Tournament statistics
- Matches played: 30
- Points scored: 792 (26.4 per match)
- Tries scored: 150 (5 per match)
- Attendance: 10,128 (1st day) 14,739 (2nd day)
- MVP: Scott Drinkwater (Men's) Maddie Studdon (Women's)
- Top try scorer(s): Cody Ramsey & Hamiso Tabuai-Fidow (4) (Men's) Jayme Fressard (3) (Women's)

= 2020 NRL Nines =

Rugby tournament

The 2020 NRL Nines was the fifth edition of the NRL Nines rugby league nines and the first one hosted outside of Auckland. It was played at HBF Park, Perth on 14–15 February 2020. Just like previous tournaments, it was contested by all 16 National Rugby League teams, but for the first time, the four NRL Women's Premiership teams played as well, as opposed to the Jillaroos and Kiwi Ferns like in former editions.
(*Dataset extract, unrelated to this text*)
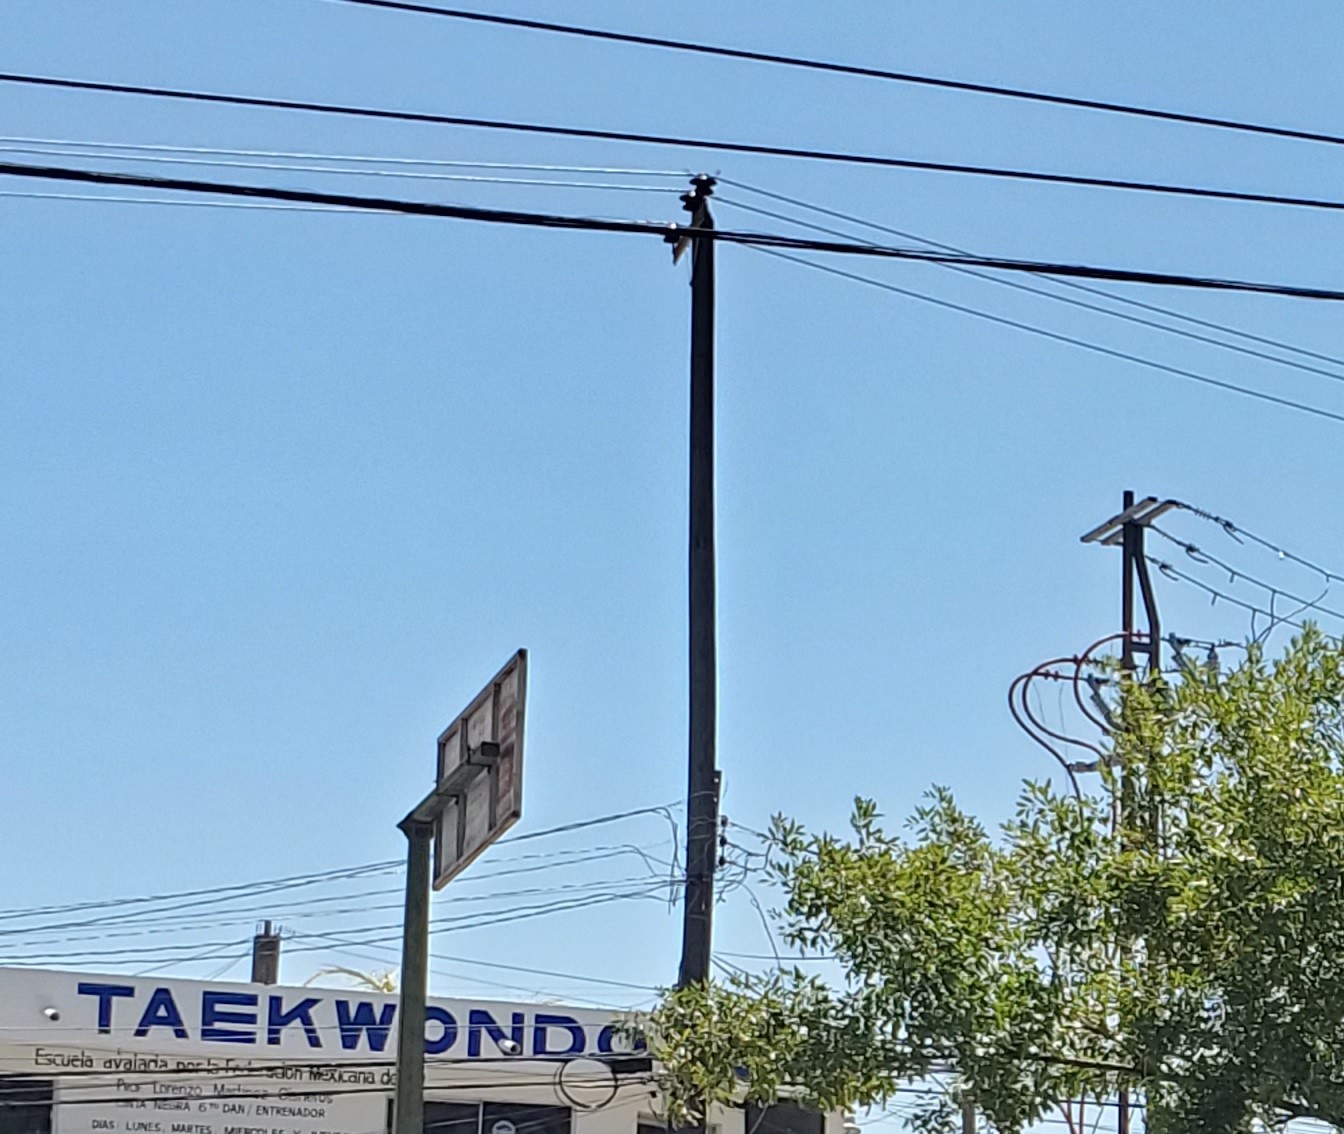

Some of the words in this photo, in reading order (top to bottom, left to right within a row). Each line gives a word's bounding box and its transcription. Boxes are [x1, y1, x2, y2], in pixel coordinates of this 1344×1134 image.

The men's tournament was split into four pools of four teams (1, 2, 3 & 4) and then into two groups of two teams in each pool (A & B). Each side was initially to play two games, against the teams from the other group of their pool. The top two teams in each pool then played off in a knockout-style tournament. The women's tournament, meanwhile, was a round-robin with each team playing three games, one against each of the others, before the top two teams met in the final. The tournament was drawn on 6 December 2019.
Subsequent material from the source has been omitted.